Saved data entries:
****************

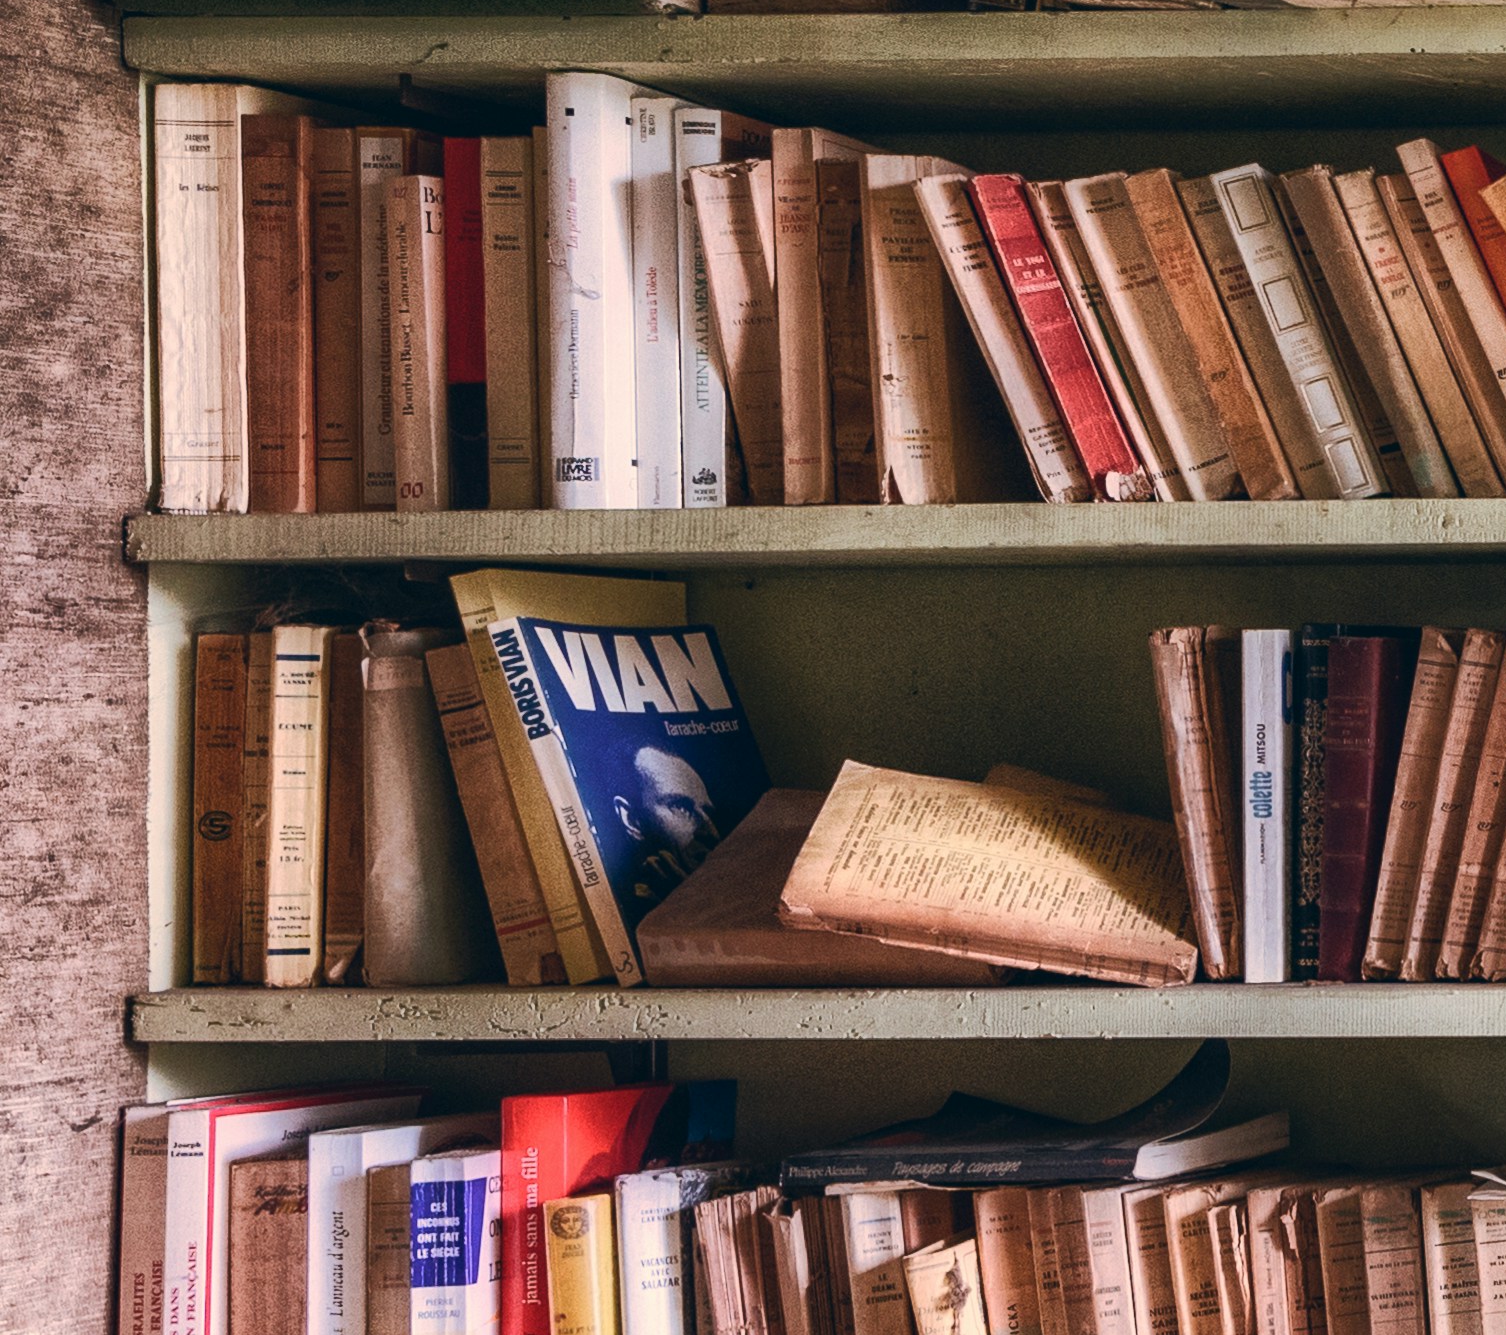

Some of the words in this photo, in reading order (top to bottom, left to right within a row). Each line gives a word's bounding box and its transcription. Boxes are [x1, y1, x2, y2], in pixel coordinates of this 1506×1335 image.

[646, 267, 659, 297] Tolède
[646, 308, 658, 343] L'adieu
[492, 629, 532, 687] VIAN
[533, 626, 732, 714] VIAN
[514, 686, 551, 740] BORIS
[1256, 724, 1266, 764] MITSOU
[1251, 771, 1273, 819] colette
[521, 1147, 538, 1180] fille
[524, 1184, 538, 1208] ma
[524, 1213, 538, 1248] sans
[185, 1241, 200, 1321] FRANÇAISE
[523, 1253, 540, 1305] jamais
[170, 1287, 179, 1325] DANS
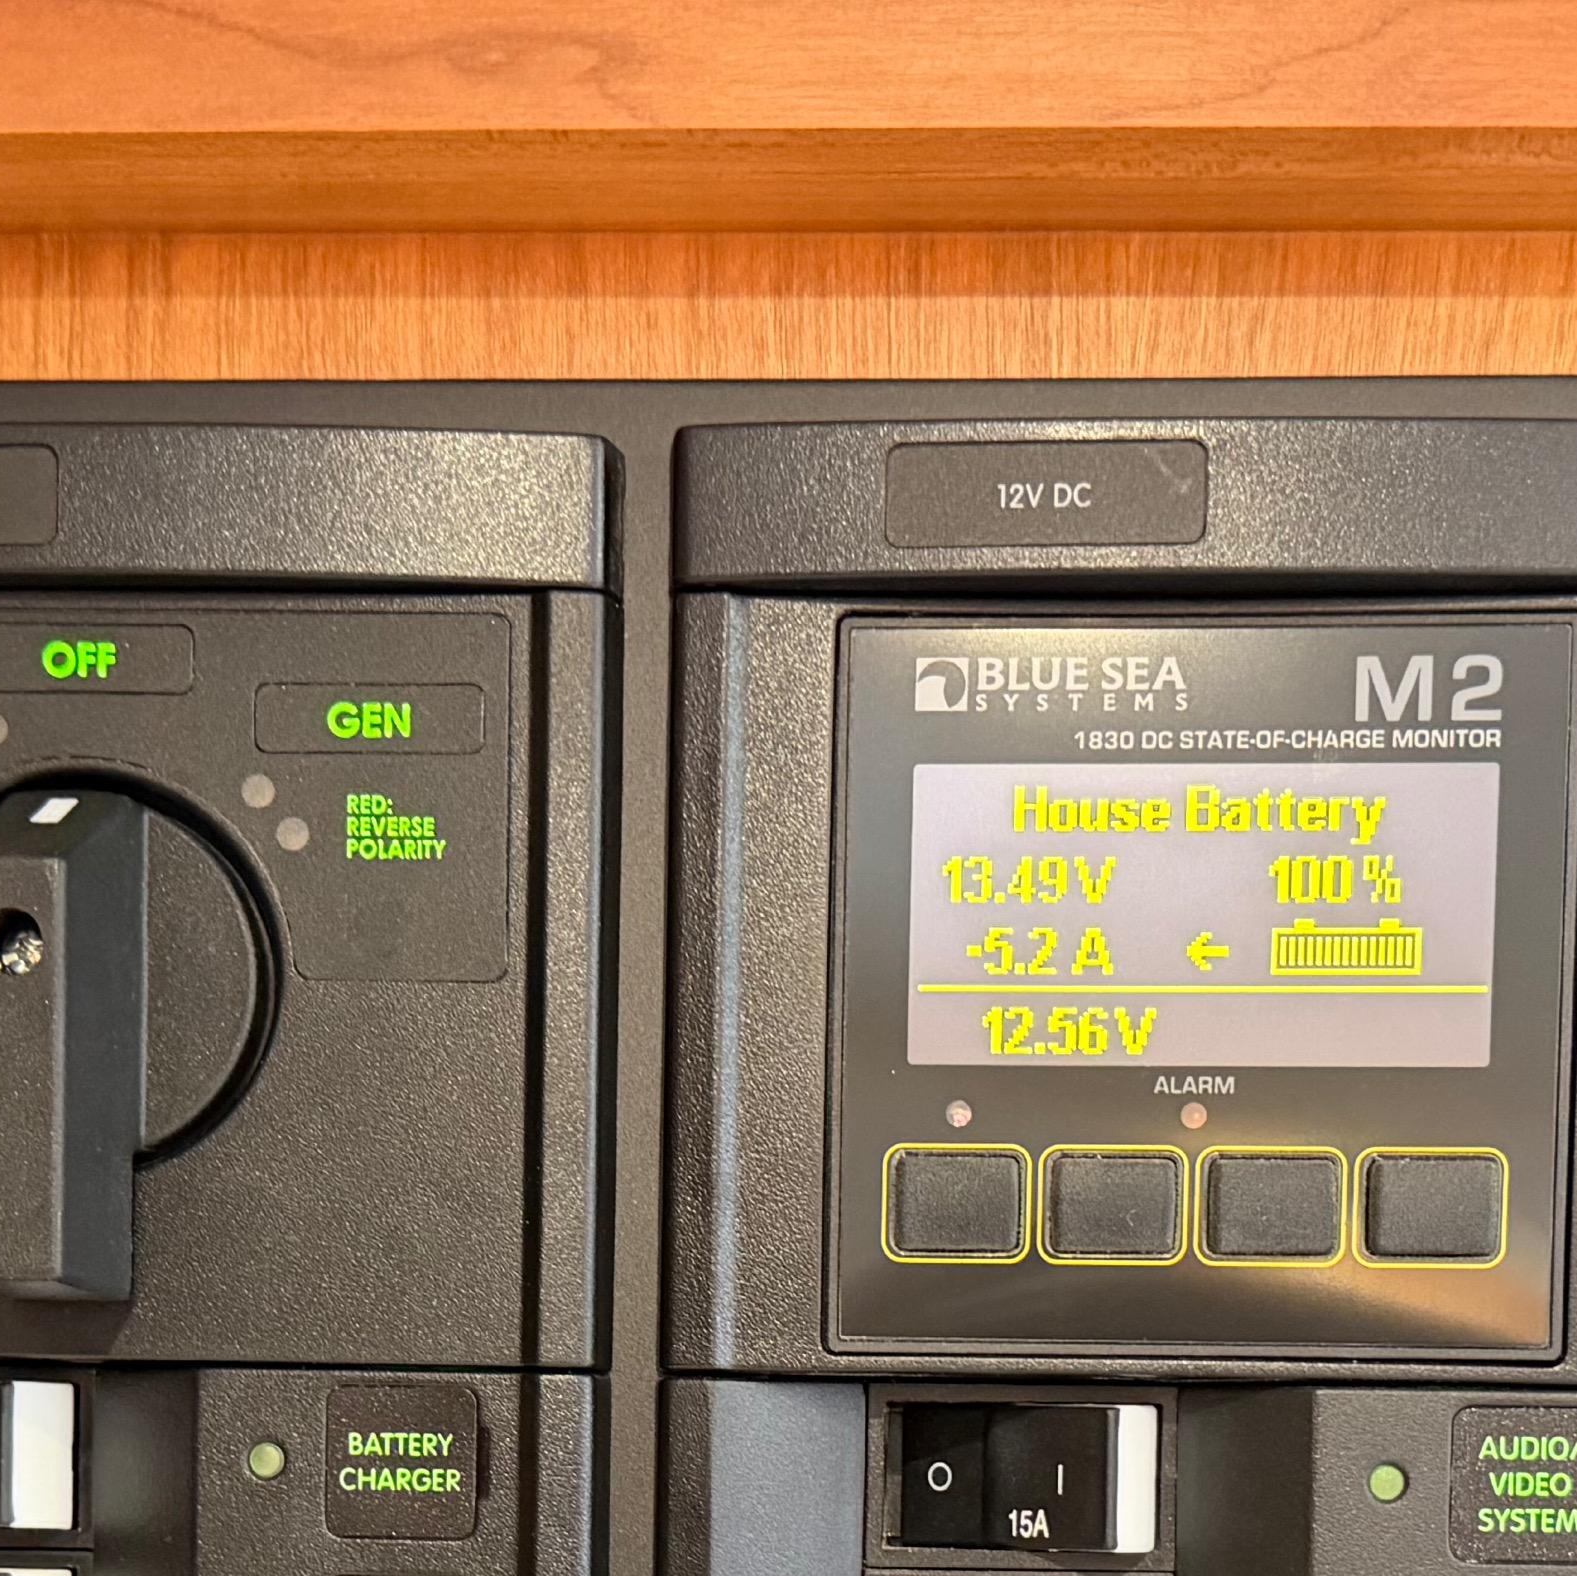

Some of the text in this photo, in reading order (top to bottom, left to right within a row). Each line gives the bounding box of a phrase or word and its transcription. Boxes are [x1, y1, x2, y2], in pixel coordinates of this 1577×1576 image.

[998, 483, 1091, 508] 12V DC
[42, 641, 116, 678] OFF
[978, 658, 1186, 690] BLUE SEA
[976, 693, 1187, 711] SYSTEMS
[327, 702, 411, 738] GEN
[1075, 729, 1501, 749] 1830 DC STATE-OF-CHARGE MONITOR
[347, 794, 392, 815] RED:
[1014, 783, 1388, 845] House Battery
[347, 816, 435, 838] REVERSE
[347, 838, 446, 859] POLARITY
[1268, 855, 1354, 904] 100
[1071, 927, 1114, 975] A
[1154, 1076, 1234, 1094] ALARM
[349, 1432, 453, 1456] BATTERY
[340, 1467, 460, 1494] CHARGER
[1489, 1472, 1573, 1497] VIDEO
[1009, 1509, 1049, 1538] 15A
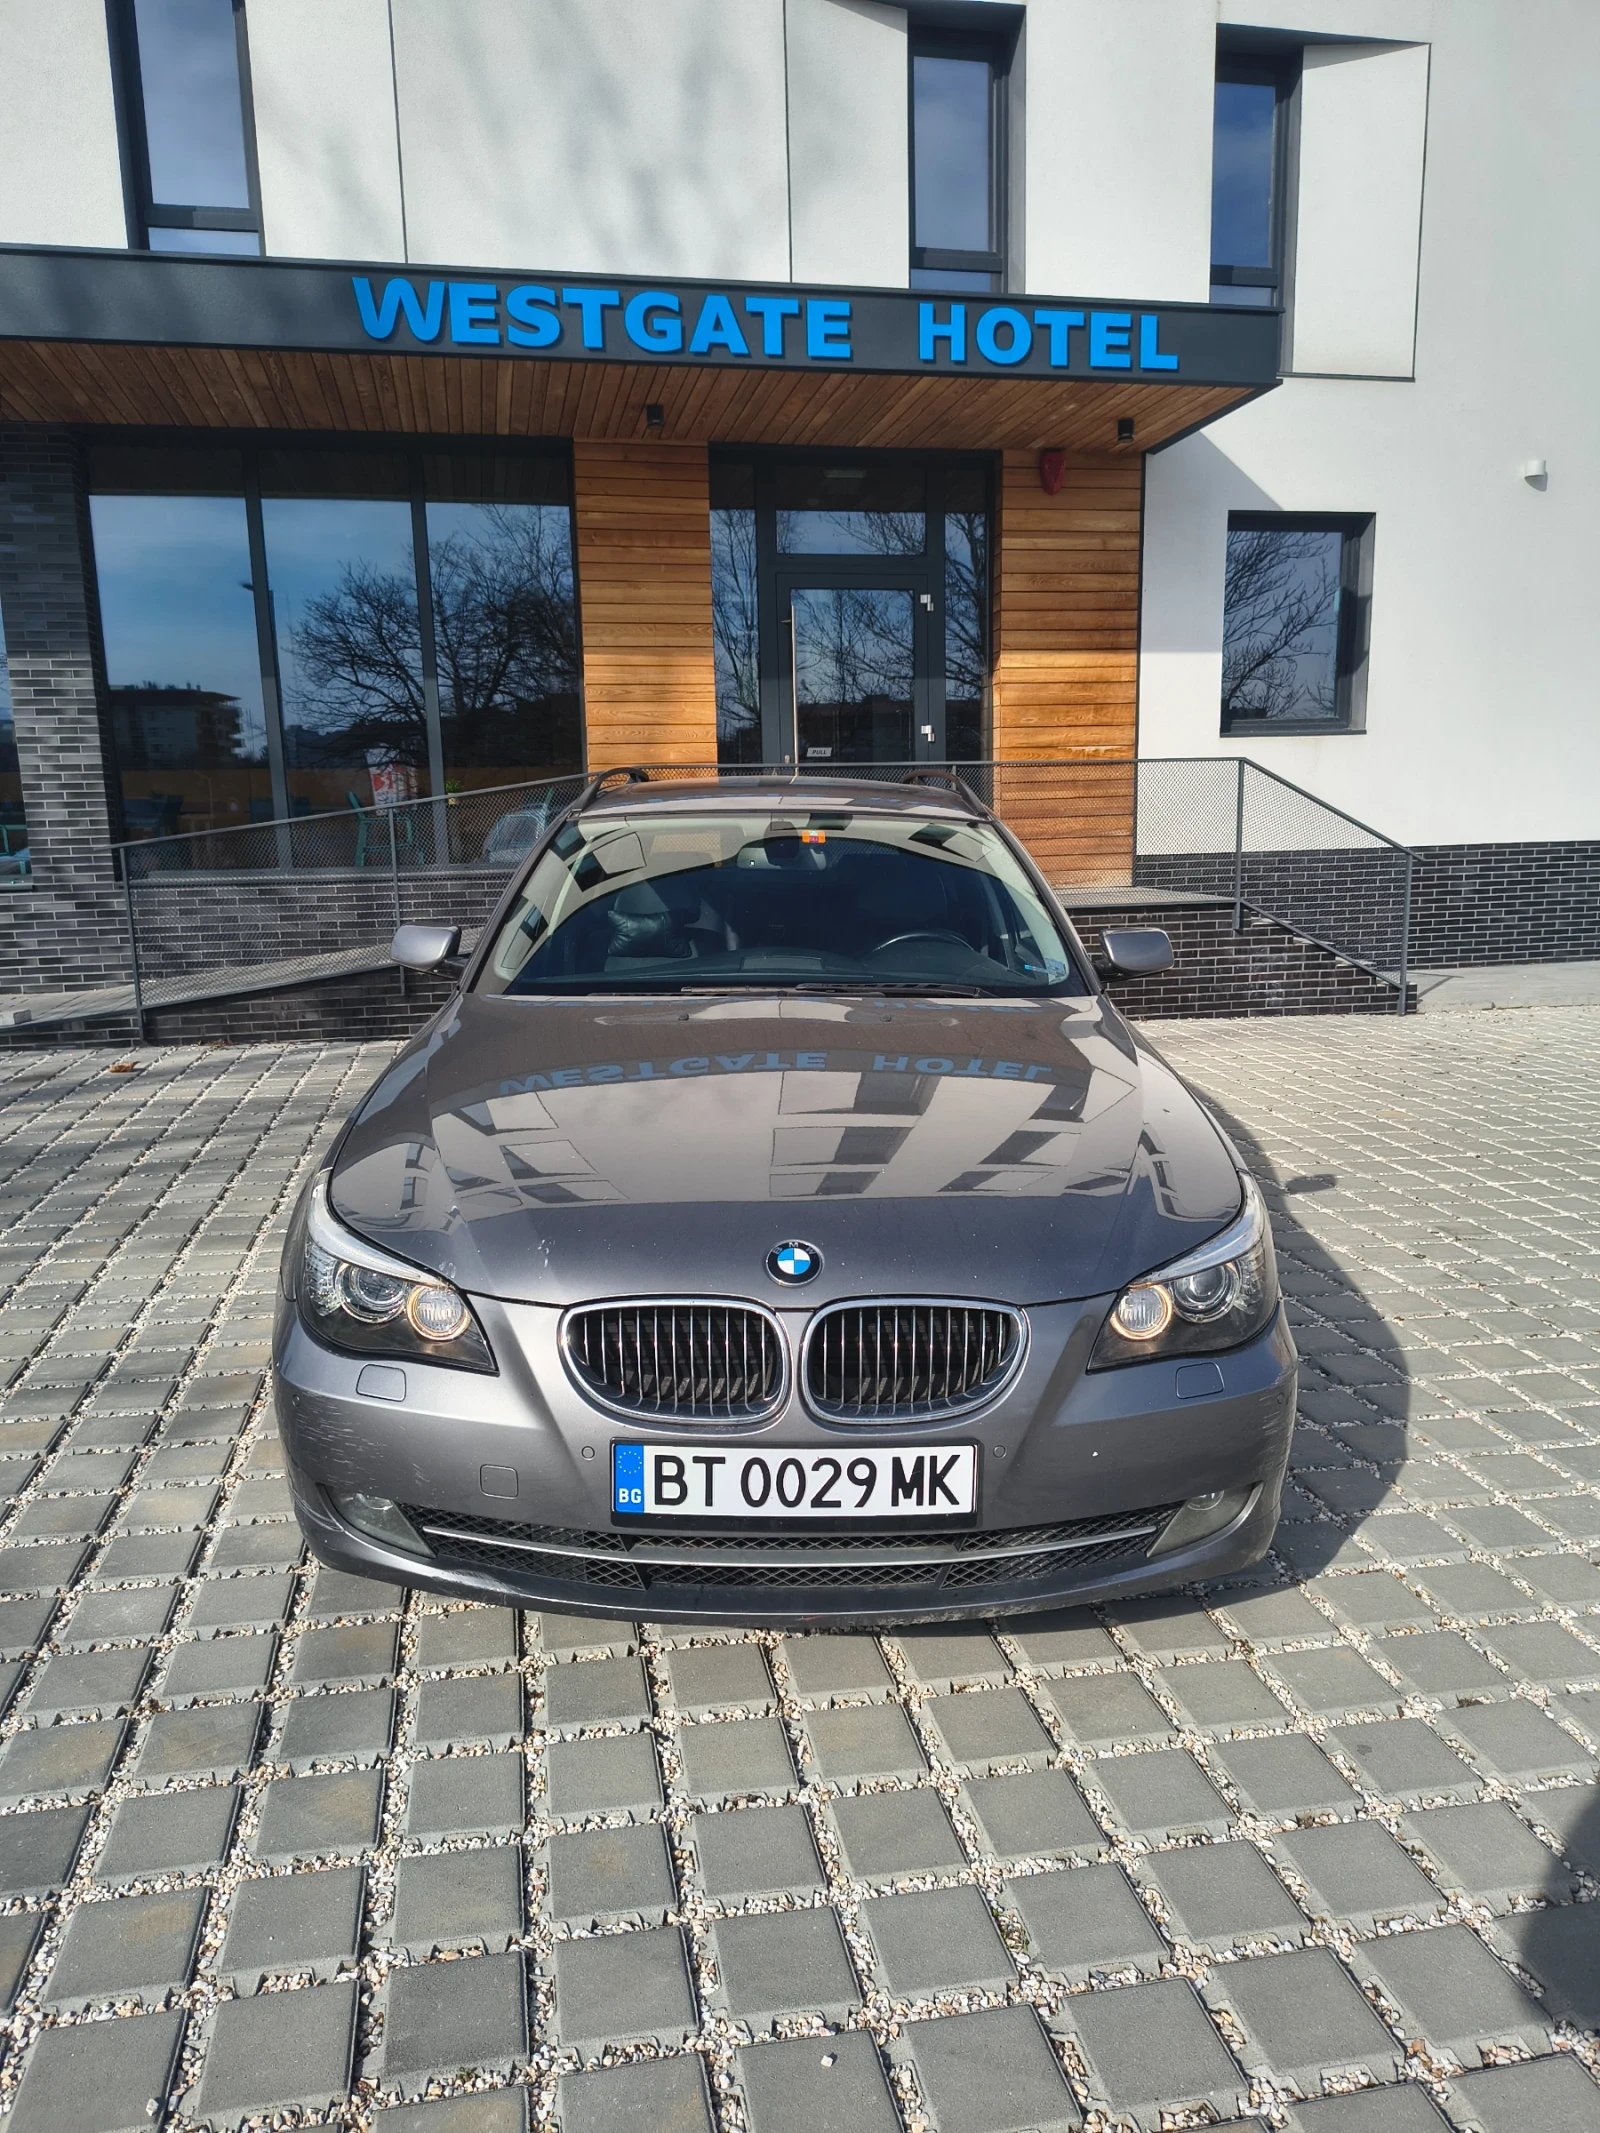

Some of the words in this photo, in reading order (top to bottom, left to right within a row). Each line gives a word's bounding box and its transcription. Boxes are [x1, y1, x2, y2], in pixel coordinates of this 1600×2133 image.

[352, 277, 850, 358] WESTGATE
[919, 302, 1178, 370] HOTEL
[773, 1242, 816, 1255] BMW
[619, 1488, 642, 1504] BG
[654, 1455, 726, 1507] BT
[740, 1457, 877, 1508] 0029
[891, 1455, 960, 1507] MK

****************

EXERCISE INSTRUCTIONS:
Could you print all the entries exactly as they stand, with the pictures left out?

RESULT OF THIS EXERCISE:
Some of the words in this photo, in reading order (top to bottom, left to right within a row). Each line gives a word's bounding box and its transcription. Boxes are [x1, y1, x2, y2], in pixel coordinates of this 1506×1335 image.

[646, 267, 659, 297] Tolède
[646, 308, 658, 343] L'adieu
[492, 629, 532, 687] VIAN
[533, 626, 732, 714] VIAN
[514, 686, 551, 740] BORIS
[1256, 724, 1266, 764] MITSOU
[1251, 771, 1273, 819] colette
[521, 1147, 538, 1180] fille
[524, 1184, 538, 1208] ma
[524, 1213, 538, 1248] sans
[185, 1241, 200, 1321] FRANÇAISE
[523, 1253, 540, 1305] jamais
[170, 1287, 179, 1325] DANS

Some of the text in this photo, in reading order (top to bottom, left to right within a row). Each line gives the bounding box of a phrase or word and its transcription. Boxes are [x1, y1, x2, y2], in pixel coordinates of this 1577×1576 image.

[998, 483, 1091, 508] 12V DC
[42, 641, 116, 678] OFF
[978, 658, 1186, 690] BLUE SEA
[976, 693, 1187, 711] SYSTEMS
[327, 702, 411, 738] GEN
[1075, 729, 1501, 749] 1830 DC STATE-OF-CHARGE MONITOR
[347, 794, 392, 815] RED:
[1014, 783, 1388, 845] House Battery
[347, 816, 435, 838] REVERSE
[347, 838, 446, 859] POLARITY
[1268, 855, 1354, 904] 100
[1071, 927, 1114, 975] A
[1154, 1076, 1234, 1094] ALARM
[349, 1432, 453, 1456] BATTERY
[340, 1467, 460, 1494] CHARGER
[1489, 1472, 1573, 1497] VIDEO
[1009, 1509, 1049, 1538] 15A

Some of the words in this photo, in reading order (top to bottom, left to right within a row). Each line gives a word's bounding box and its transcription. Boxes are [x1, y1, x2, y2], in pixel coordinates of this 1600×2133 image.

[352, 277, 850, 358] WESTGATE
[919, 302, 1178, 370] HOTEL
[773, 1242, 816, 1255] BMW
[619, 1488, 642, 1504] BG
[654, 1455, 726, 1507] BT
[740, 1457, 877, 1508] 0029
[891, 1455, 960, 1507] MK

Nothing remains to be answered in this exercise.